At these wells all diseases were supposed to be within the reach of cure. A student of the development theory might almost find traces of the growth of the specialist in them, for some of them acquired a fame for the cure of special diseases. The Well of St. Fillan, at Strathfillan, _e.g._, was famous for the cure of insanity; the Well of St. Fillan, about which I write, as has already been noticed, was much resorted to for the cure of barrenness; and if we transfer the virtue of the waters to the credit of the Saint under whose auspices a cure was wrought, we might say of St. Servan that he was considered a great oculist; of St. Anthony, that he was an eminent specialist in the treatment of children's diseases; for to the Well of St. Servan the blind were led, to the Well of St. Anthony, sickly and "backgane bairns." In accounting for the popularity of these wells, the philosopher will reflect that there is a kernel of truth in most widespread error. The truth in the well is the truth that underlay the hydropathic treatment involved, also the treatment of fresh air and exercise, and the extra exertion, the stimulus of change, and the excitement associated with such pilgrimages, not to speak of the power of faith, based though it was on error. From this point of view we may in some respects regard the modern hydropathic establishment as in the line of development with the holy well of old.

It is a testimony to the universality and the popularity of the holy wells in this country, and to the persistency of the superstition, after it had been condemned by the Reformation, that a public statute had to be enacted in 1579 prohibiting these pilgrimages, and that this having been ignored or defied, they had again to be denounced in the strongest terms in 1679. "It seems not to be enough," says this edict, "that whole congregations were interdicted from the pulpit preceding the wonted period of resort, or that individuals humbled on their knees in public acknowledgment of their offence were rebuked or fined for disobedience.

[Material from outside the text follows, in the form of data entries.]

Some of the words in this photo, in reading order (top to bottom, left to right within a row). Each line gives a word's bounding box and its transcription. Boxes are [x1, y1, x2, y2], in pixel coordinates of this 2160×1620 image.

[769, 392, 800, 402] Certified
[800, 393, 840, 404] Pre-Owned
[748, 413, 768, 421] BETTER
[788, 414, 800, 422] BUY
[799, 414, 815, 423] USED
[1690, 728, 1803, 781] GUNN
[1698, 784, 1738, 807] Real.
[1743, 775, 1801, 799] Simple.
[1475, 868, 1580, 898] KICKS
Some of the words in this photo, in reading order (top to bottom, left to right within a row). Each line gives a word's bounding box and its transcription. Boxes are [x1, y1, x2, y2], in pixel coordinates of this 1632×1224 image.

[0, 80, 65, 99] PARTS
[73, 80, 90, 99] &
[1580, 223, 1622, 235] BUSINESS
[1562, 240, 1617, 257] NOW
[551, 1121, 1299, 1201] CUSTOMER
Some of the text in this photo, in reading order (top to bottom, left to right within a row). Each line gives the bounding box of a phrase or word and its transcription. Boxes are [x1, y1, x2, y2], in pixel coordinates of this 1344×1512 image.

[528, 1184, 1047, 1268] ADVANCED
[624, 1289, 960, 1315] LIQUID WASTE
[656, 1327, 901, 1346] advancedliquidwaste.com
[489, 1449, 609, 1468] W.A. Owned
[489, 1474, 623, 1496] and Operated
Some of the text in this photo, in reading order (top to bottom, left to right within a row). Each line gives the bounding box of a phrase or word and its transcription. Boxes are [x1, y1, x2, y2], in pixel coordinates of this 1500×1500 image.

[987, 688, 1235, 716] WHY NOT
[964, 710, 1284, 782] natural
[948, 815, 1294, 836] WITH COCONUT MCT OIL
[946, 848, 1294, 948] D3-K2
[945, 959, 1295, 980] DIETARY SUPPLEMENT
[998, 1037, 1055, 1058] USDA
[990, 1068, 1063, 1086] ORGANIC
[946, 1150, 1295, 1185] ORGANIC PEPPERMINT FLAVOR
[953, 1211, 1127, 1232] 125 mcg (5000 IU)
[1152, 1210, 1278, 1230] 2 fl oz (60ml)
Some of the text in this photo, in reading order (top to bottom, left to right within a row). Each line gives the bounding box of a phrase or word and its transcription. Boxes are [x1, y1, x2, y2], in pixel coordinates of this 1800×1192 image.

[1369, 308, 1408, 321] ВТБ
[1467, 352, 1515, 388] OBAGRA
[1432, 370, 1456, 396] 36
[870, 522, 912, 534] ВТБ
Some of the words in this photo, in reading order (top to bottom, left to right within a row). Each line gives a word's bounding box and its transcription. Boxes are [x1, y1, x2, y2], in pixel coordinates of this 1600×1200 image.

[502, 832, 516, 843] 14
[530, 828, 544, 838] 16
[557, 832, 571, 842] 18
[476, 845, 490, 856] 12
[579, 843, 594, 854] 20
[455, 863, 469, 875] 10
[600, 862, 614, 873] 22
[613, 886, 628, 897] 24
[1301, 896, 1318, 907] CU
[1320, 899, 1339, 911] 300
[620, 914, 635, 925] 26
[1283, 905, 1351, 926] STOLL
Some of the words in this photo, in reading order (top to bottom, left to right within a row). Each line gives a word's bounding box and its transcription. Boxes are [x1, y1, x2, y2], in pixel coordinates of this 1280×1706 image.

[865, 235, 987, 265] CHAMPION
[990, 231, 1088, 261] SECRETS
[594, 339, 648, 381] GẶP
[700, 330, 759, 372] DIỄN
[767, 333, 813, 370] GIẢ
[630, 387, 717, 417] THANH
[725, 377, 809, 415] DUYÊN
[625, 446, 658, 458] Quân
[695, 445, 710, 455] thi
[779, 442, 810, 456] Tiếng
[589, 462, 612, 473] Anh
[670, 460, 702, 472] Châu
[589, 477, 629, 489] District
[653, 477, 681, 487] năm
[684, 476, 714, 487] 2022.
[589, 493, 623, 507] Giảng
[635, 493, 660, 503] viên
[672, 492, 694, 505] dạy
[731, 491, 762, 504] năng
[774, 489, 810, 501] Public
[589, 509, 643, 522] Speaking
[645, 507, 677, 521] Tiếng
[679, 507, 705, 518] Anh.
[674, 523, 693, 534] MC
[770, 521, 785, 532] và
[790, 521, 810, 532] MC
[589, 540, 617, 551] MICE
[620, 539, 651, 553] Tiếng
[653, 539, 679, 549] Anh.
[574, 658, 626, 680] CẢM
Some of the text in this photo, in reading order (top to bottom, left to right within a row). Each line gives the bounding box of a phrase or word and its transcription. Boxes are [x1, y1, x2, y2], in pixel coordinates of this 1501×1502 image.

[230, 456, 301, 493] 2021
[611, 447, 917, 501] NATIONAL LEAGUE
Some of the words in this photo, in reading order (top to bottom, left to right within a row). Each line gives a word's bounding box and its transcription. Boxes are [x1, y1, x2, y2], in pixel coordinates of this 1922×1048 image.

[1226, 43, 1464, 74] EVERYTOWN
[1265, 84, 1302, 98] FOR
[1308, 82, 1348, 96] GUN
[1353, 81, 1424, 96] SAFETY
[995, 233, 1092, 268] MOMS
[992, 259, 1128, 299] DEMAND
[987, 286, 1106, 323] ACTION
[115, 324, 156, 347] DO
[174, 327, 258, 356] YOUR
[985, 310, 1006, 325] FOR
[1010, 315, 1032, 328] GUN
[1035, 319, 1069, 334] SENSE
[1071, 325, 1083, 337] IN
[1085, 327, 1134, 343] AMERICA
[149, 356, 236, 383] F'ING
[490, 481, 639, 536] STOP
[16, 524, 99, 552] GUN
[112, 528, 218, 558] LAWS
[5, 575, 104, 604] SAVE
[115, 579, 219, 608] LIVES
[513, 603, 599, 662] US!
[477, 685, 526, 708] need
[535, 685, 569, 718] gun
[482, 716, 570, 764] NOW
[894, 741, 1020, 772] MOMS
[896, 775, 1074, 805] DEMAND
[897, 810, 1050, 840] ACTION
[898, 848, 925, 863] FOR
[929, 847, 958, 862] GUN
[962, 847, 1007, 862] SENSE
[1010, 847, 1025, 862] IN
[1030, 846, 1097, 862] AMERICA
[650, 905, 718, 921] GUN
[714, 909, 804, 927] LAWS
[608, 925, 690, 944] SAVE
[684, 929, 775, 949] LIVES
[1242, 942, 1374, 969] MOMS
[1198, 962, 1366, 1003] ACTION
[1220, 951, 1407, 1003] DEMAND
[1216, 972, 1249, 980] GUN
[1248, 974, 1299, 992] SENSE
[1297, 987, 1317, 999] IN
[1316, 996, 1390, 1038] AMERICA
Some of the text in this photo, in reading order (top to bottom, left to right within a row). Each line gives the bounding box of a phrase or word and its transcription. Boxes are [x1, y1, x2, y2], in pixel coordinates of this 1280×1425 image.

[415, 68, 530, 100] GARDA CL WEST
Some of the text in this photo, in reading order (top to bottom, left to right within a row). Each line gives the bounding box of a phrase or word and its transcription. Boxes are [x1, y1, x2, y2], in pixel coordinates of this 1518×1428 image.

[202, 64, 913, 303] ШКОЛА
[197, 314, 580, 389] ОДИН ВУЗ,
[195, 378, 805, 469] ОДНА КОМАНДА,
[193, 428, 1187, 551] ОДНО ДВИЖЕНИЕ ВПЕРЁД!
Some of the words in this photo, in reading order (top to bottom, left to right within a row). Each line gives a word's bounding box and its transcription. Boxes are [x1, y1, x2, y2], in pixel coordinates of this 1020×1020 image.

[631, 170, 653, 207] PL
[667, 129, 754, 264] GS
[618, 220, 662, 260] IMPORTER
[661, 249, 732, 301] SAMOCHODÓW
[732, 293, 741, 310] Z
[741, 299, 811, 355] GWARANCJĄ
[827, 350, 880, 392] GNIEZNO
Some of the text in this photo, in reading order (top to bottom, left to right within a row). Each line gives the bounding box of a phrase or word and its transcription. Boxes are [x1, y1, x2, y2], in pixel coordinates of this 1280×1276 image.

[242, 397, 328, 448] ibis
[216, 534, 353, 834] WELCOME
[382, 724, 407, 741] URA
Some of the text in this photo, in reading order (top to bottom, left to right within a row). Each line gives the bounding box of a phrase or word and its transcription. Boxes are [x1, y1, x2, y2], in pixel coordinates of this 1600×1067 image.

Now it was declared for the purpose of restraining the superstitious resort in pilgrimage to chappellis and wellis, which is so frequent and common in this kingdom, to the great offence of God, the scandall of the Kirk, and disgrace of His Majestie's government, that commissioners diligently search in all such pairts and places where this idolatrous superstition is used, and to take and apprehend all such persons, of whatsoever rank and quality, whom they sall deprehend going pilgrimage to chappellis or wellis, or whom they sall know themselves to be guilty of that cryme, and to commit them to waird until such measures should be adopted for their trial and punishment." It is further of especial interest to note the local effort made to suppress these pilgrimages. In the records of the Synod of Perth there is a minute to the following effect:--

"It is found that there is frequent repairing on certain days superstitiously to some wells within this province, as to one called Dumlorn, in Comrie. In the meantime the Synod ordains and entreats all the gentlemen of these bounds where these wells, or any other of that kind are, that they would use all diligence against these abuses as they may according to the Acts of Parliament made thereanent."